Was daraus geworden ist…? Nichts! Wie bei vielen weiteren Projekten. Der dem Seniorenbeirat versprochene Bewegungspark, nicht ansatzweise wurde er behandelt, die neuen Radlständer bei der Bushaltestelle an der Pollinger Straße oder aber auch, die Umgestaltung der „Todeszone“ zwischen Marktplatz und Pollingerstraße in eine eine attraktive Fußgängerzone.
Nun könnte man meinen, bei so viel Stillstand und leeren Versprechungen würden die Bürger irgendwann auf die Barrikaden gehen. Tun sie auch. Auf Bürgerversammlungen aber werden sie generell vertröstet und stets versprochen, sich persönlich darum zu kümmern. Tolle Methode außerdem, schnell einen weiteren Workshop anzusetzen oder besser noch, ein neues Gutachten in Auftrag zu geben, um Zeit zu schinden. Perfektioniert hat der Rathauschef außerdem die Methode des Abduckens, kommen ernst zu nehmende Kritiker persönlich auf ihn zu.

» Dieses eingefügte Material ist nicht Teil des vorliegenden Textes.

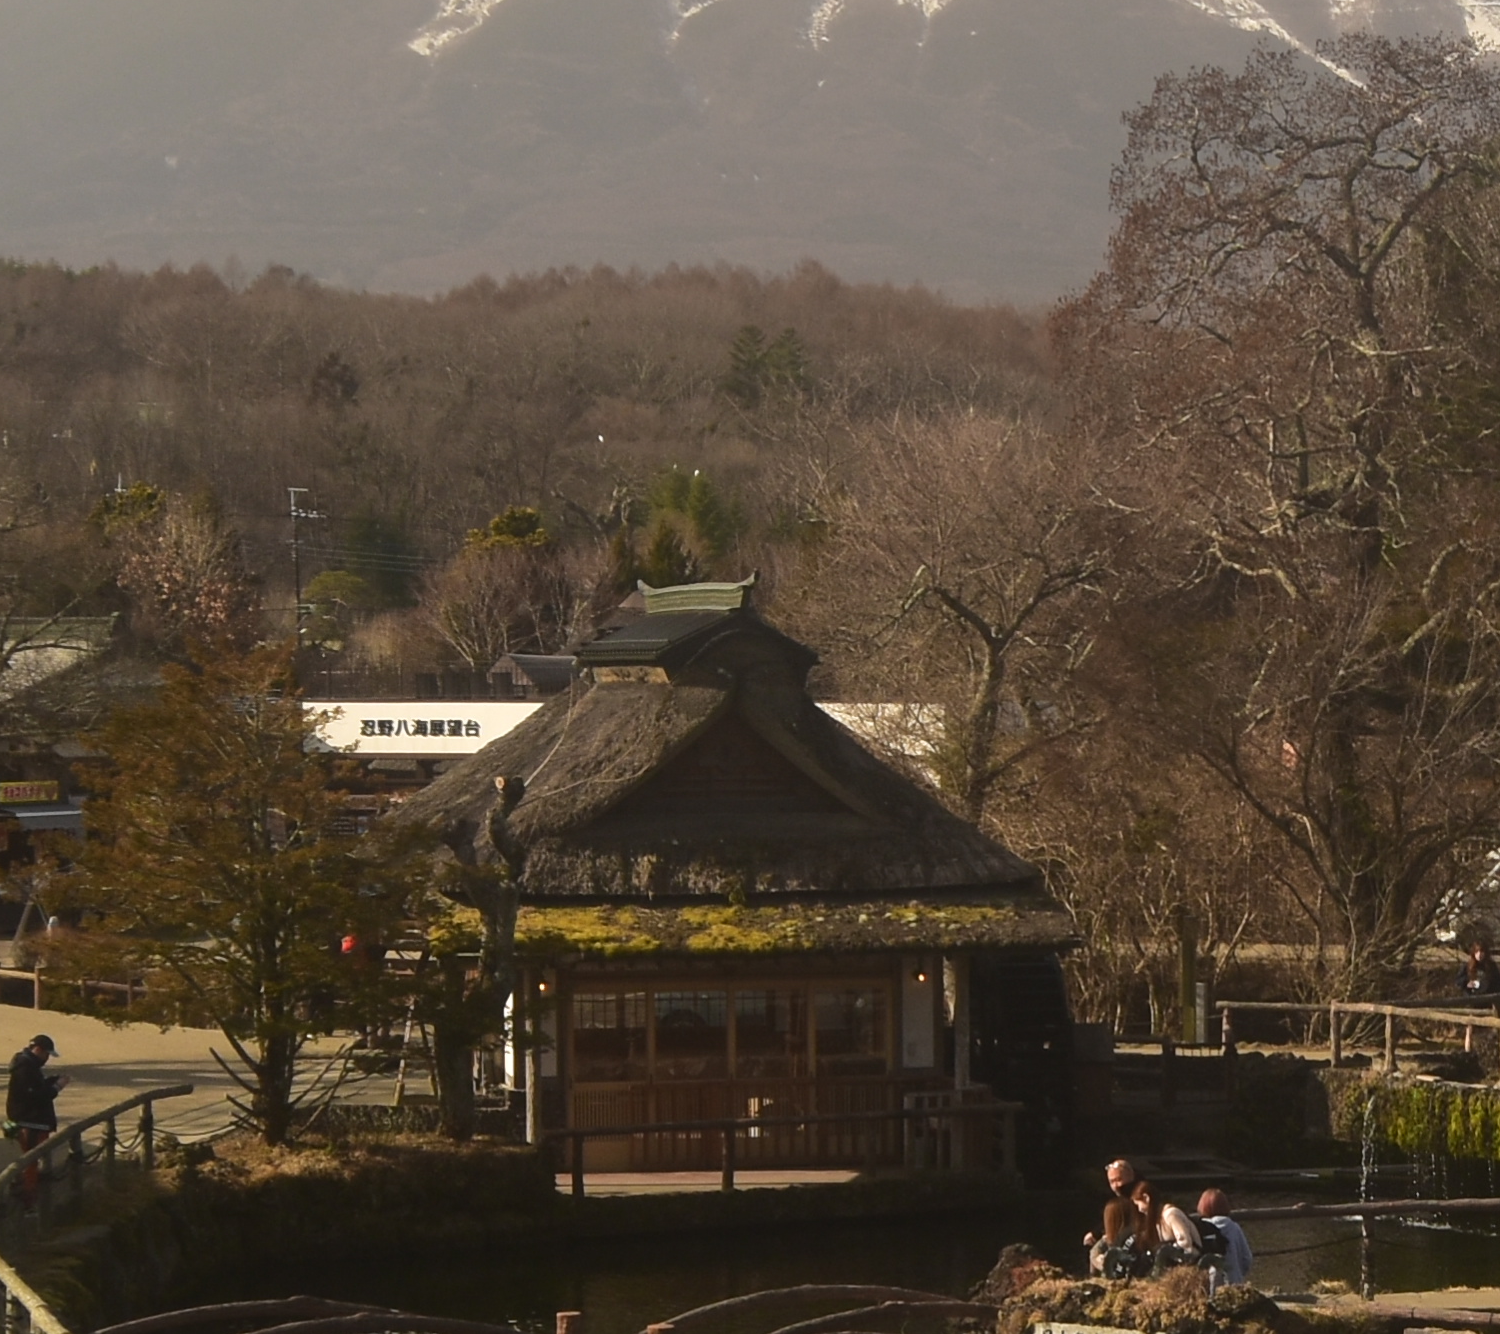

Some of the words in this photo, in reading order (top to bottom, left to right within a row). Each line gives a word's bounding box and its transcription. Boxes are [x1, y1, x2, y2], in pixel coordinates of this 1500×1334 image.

[359, 718, 481, 738] 忍野八海展望台

Froh war man, als Manfred Walter aus gesundheitlichen Gründen versprach, nicht mehr für den Posten des Bürgermeisters zu kandidieren. Fast zog so etwas wie Euphorie unter der Bürgerschaft ein, mit einem neuen Mann oder einer neuen Frau an der Spitze und einem neu zu wählendem Ratsgremium endlich das umzusetzen, was lange versprochen wurde.
Weit gefehlt. Zwar erklärten sich viele engagierte und auch junge Gilchinger Bürger und Bürgerinnen bereit, sich auf die Listen der jeweiligen Fraktionen für einen Sitz im Gemeinderat zu bewerben. Und die Gilchinger hatten es in der Hand, bei der Kommunalwahl am 8. März eine Wende und ein „Nicht weiter so!“ einzuleiten. Und, was machte das mündige Volk?

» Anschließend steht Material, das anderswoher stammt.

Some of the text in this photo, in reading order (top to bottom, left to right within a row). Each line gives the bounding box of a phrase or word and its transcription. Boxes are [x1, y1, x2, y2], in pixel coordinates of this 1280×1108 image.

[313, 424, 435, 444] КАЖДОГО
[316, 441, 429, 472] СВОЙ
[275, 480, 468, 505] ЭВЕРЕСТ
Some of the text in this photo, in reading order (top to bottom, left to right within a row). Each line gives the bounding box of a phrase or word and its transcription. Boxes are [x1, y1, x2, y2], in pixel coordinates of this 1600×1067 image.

Es wählt exakt wieder die gleichen Kräfte ins Gremium, von denen die meisten den Stillstand 18 Jahre lang wohlwollend begleiteten.
Hä, geht‘s noch? Ein, zwei neue Räte oder Rätinnen pro Fraktion hätten der Sache echt gut getan. Enttäuschend dabei ist, dass explizit die „Bürger für Gilching“, die anerkannt aufrichtig und uneigennützig Hintergrundarbeit leisteten, abgestraft wurden und nur noch mit einem statt zwei Vertreter mit dabei sind? Obwohl sie drei Sitze verdient hätten.
Okay, es gibt nun wieder „Ein weiter so!“. Die Glatze bleibt landwirtschaftlicher Grund, das Bahnhofareal gleicht einem Nachkriegsprojekt und die Fußgängerzone gammelt weiter vor sich hin. Veränderung? Ein klares Nein, dann müsste man sich ja mal bei sich selbst beginnen! Das Ehrenamt im Gemeinderat ernst nehmen und auch mal entsprechend mehr Engagement an den Tag legen. Das Beste an der Geschichte aber ist, dass sich künftig alle gewählten Räte und Rätinnen bei angebrachter Kritik groß auf die Fahne schreiben können: „Was wollt‘ Ihr denn? Wir sind der Wählerwille!“
Ach ja, so nebenbei: Am Sonntag, 22. März, findet eine Stichwahl zwischen den Bürgermeister-Kandidaten Roland Schrafstetter (CSU) und Stefan Siegl (FW) statt. Egal auch, wer die Wahl gewinnt – derjenige braucht mit Sicherheit einen magischen Feen-Stab, um das Gremium aus ihrem jahrelangen Dornröschen-Schlaf – in den sie der scheidende Rathauschef hinein gespindelt hat – zu erwecken!